Authors: Sandra Kitt
Leah smiled wryly. “See? You do begin to understand.”
Jason actually blushed and stared into his coffee, his hands circling the cup tightly. “I’m sorry.”
Leah shrugged. “What for? For being honest enough to try with me? For being honest enough to come here tonight and admit you’d gotten in way over your head?” She looked into Jason’s face, into the expressive eyes with their depth of feelings, much more honest than most people. Through them she might have been able to see into his soul, to explore the depth of his being, to fall into an abyss of caring from which she might never return. …
Her gaze dropped for an erotic moment to his mouth. She remembered passion that had been pure, surprising, unrestrained with no consideration beyond mutual need. That’s when it had been just the two of them without the rest of the world—an impossible situation, as she’d always known. Leah sipped her coffee and felt her throat closing in again. She didn’t want to cry now. She didn’t want it to matter this much.
“I’m sorry, too. I knew it would come to this,” she whispered. She was afraid to talk louder because her voice would lose its strength, or her strength would fall apart.

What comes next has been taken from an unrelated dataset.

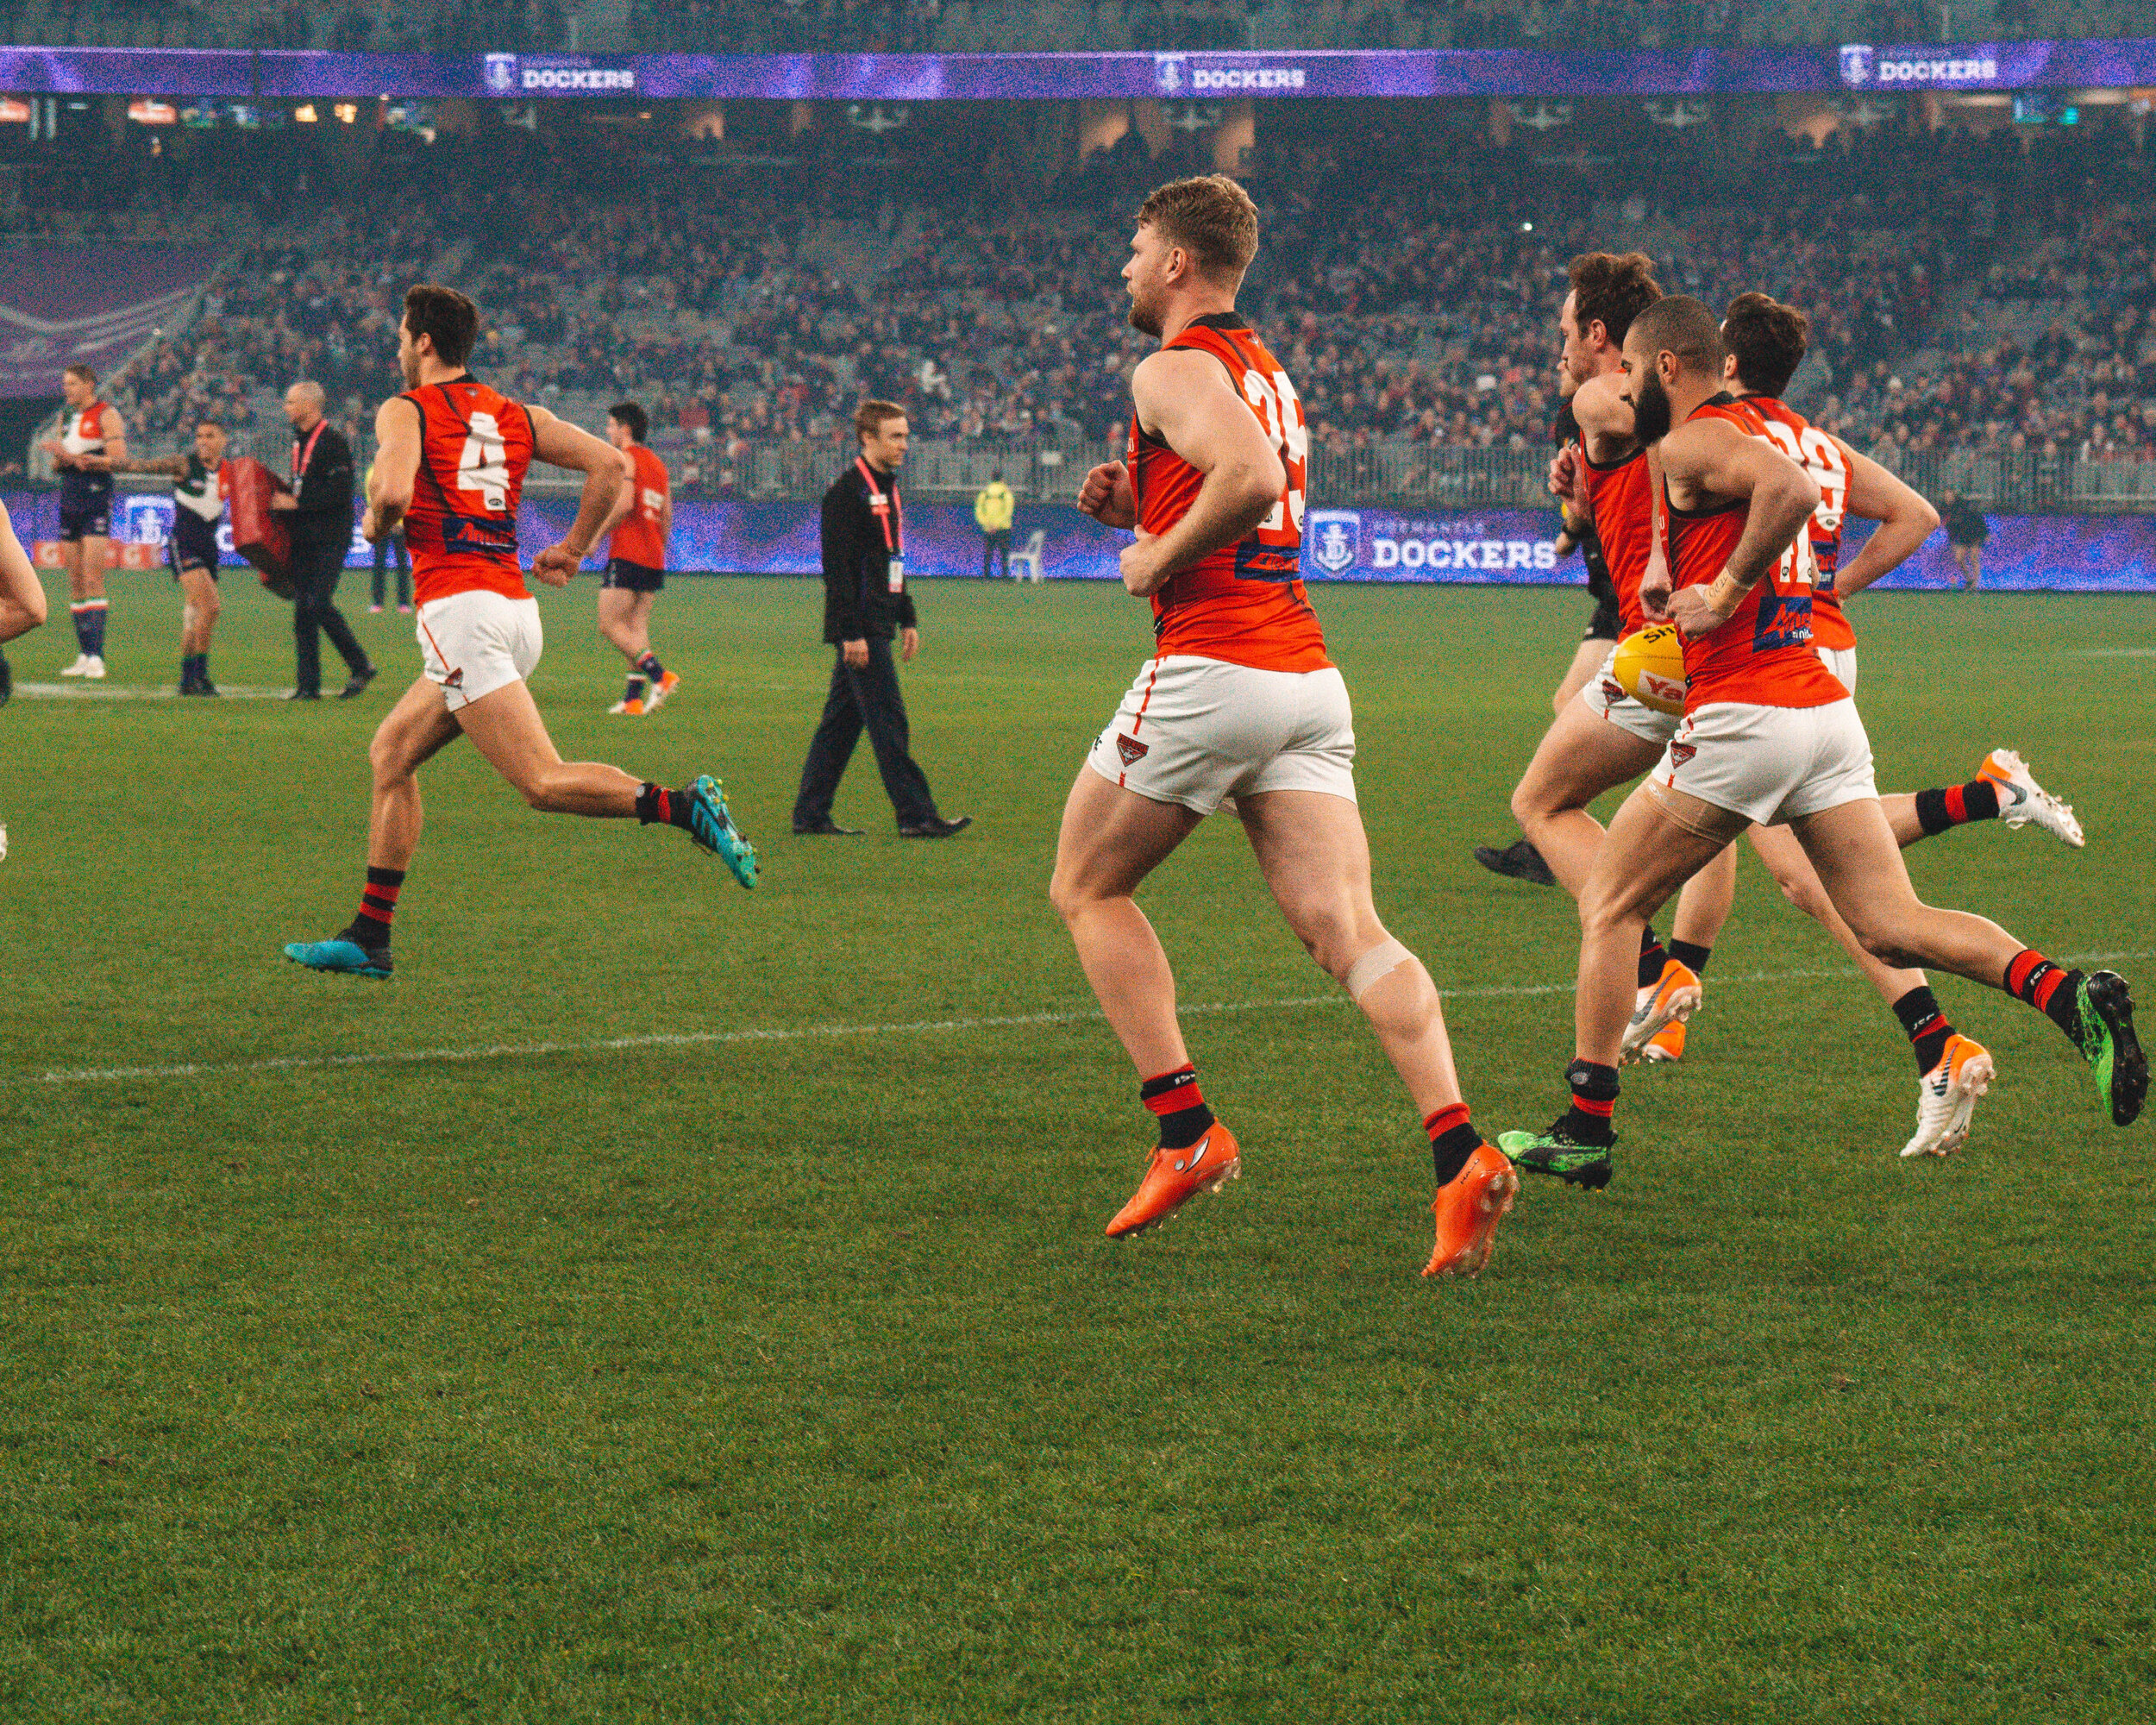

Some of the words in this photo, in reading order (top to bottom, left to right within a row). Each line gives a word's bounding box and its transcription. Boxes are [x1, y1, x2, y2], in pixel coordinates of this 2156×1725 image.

Jason stared intently at her. “To this? What?” he asked, frowning.
“The end.
Fini
… good-bye.”
“Good-bye …” he repeated blankly. Jason reached across the table and grabbed her wrist, almost causing Leah to spill her coffee. “Wait a minute! Look, I came to tell you I finally realized what you were trying to say to me way back at the start, that a relationship between us would be hard and there’s a lot against it. I came to tell you you were absolutely right. But I didn’t come here to say good-bye.” His voice was urgent, almost angry. “I took a lot of shit from the guys at the precinct. Even Joe had a lot to say about you and me.”
“I’m not surprised,” Leah said. “Joe, of all people, would have a lot to say.”
“Joe’s my partner,” Jason responded angrily, shaking Leah’s arm in his agitation. “He’s my friend and I have to depend on him like nobody else. Maybe I lost a friend, someone who couldn’t stomach the thought …”
Leah tried to pull her arm free. “That’s the way it is sometimes. So what do you want? That I should apologize to you?” she asked bitterly.
“I just want you to hear me and to understand …”
Leah finally freed her arm. “Nobody understands better than me, Jason. If I hadn’t understood, we never would have gotten past last September. There never would have been New Year’s Eve.”
Jason looked defeated and just sat looking remorsefully at Leah. “I’m not like the others.”
“Well, neither am I. But the world still treats me and sees me as just another nigger, and Jason, you’re from that world.”
“Doesn’t it mean anything to you at all that I didn’t treat you that way? Yeah, I got confused. I even got angry. I got suspicious as hell. What the hell is a nigger anyway? Can you explain it to me?”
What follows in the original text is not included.